Before the user would have to use forms and make their selections of specific options in order to see that floor plan specific data, content that would populate the main content area. We are just making that data available in the sidebar so the user doesn't have to go through all of those steps just to get a single piece of information. We are making all of the information available in that sidebar as long as it is relative to what they are currently viewing. If the move to a different area of the floor plan or location it is possible that the sidebar gets populated with something else from the database.

If I can do that with a Sidebar Component can you explain more why (how) that would be better than the Service Class that I created?

Just to note, the Service Class works great can provides what I need.

Thanks for the help.

tykus's avatar

@stanhook I don't doubt the Service class can do the job... you don't seem to understand what I am saying about the need for the same data being required across multiple Controller actions and the sidebar ¯\_(ツ)_/¯

stanhook's avatar

@Snapey I can take a look at that. Is creating a Service Class and placing my queries in there not a good idea?

Snapey's avatar

@stanhook it can be done, but it would be a bit pointless since it still does not give you what you want

martinbean's avatar

@stanhook Why do you keep going on about service classes when you’ve been told multiple times now to use a view composer?

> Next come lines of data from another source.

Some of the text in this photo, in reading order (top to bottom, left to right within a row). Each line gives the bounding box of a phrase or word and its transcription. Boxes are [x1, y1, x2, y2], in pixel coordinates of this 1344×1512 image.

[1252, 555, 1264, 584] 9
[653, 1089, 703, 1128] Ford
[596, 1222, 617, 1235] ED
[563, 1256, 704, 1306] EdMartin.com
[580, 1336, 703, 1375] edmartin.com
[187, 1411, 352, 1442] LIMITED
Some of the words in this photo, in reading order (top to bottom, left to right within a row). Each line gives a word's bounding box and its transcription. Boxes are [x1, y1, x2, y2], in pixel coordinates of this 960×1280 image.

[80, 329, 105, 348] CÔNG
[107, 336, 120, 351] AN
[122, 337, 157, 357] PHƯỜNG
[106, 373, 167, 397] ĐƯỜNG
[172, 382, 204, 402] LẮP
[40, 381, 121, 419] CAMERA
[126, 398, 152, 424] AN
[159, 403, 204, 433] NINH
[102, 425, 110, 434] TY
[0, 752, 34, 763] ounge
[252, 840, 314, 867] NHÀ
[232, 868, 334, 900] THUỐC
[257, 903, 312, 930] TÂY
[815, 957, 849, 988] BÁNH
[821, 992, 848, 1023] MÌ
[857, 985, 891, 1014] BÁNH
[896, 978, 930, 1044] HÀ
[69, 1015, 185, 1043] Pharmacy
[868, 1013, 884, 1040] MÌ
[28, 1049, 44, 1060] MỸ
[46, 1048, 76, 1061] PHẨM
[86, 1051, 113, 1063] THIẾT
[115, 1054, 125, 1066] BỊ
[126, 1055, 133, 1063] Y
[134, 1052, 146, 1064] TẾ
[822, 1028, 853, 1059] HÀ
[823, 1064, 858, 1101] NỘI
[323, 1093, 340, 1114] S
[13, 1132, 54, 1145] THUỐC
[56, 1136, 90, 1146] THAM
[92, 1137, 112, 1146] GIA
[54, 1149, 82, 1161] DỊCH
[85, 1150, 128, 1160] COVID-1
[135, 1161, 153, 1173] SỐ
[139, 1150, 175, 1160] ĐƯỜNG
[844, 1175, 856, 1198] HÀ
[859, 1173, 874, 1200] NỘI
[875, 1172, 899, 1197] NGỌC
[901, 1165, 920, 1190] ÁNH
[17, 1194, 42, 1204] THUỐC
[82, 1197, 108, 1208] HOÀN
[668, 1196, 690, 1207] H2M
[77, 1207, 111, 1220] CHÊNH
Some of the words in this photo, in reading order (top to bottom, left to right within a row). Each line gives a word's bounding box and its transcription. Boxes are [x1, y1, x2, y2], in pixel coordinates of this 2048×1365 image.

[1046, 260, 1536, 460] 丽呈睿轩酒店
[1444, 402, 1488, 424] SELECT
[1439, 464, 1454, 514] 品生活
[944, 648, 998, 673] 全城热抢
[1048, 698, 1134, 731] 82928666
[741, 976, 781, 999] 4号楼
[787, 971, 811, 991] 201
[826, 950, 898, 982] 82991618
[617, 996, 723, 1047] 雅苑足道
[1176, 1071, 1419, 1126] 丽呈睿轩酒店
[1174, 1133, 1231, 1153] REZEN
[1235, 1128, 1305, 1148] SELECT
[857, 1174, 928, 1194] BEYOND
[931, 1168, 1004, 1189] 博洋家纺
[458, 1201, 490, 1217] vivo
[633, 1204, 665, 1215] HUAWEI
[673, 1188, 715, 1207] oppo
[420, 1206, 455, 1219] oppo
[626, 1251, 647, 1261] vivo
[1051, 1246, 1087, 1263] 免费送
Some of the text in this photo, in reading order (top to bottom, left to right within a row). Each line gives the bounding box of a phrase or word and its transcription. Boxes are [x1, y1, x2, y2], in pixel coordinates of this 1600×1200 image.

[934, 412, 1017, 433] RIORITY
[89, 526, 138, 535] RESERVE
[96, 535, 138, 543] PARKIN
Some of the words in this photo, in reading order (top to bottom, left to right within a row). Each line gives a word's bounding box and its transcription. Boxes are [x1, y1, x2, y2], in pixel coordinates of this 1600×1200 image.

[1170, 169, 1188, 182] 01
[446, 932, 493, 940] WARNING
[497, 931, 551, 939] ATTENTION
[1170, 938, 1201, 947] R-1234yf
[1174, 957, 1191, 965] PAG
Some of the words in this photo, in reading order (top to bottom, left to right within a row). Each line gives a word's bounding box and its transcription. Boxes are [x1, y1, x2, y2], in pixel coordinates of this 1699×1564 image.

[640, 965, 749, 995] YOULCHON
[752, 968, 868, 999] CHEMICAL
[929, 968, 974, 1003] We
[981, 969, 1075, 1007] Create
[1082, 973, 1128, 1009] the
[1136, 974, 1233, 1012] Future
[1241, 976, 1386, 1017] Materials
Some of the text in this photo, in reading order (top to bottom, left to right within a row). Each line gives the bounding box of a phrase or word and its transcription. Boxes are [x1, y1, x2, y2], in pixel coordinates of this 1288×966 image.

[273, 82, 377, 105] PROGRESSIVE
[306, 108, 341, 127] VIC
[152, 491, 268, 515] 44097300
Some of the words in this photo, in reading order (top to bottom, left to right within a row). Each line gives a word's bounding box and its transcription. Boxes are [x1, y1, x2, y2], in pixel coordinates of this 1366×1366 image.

If you have a common element such as a sidebar that will be present on multiple pages, extract the mark-up to a partial, and include that partial in the pages that need it:

<main>
    <!-- Main page content -->
</main>
@include('partials.sidebar')

Then create a view composer to give that partial the data it needs:

use Illuminate\Contracts\View\View;

class SidebarComposer
{
    protected FooService $foo;
    protected BarService $bar;

    public function __construct(FooService $foo, BarService $bar)
    {
        $this->foo = $foo;
        $this->bar = $bar;
    }

    public function compose(View $view)
    {
        $view->with([
            'foo' => $this->foo->someMethod(),
            'bar' => $this->bar->someMethod(),
        ]);
    }
}

Then you need to associate the view composer with the Blade template. You’d do this in a service provider’s boot method. You can just do it in your existing AppServiceProvider class:

use App\View\Composers\SidebarComposer;
use Illuminate\Support\Facades\View;

class AppServiceProvider extends Provider
{
    public function boot()
    {
        View::composer('partials.sidebar', SidebarComposer::class);
    }
}
stanhook's avatar

Thanks for the help! I will try to see about View Composer. I didn't realize that is the suggested method and I didn't quite understand it. I was just asking again about the Service Class because it is working exactly how I want and I wanted to know why I shouldn't do it that way.

Thanks again for the help and pointing me into the right direction and I will try to get it working that way.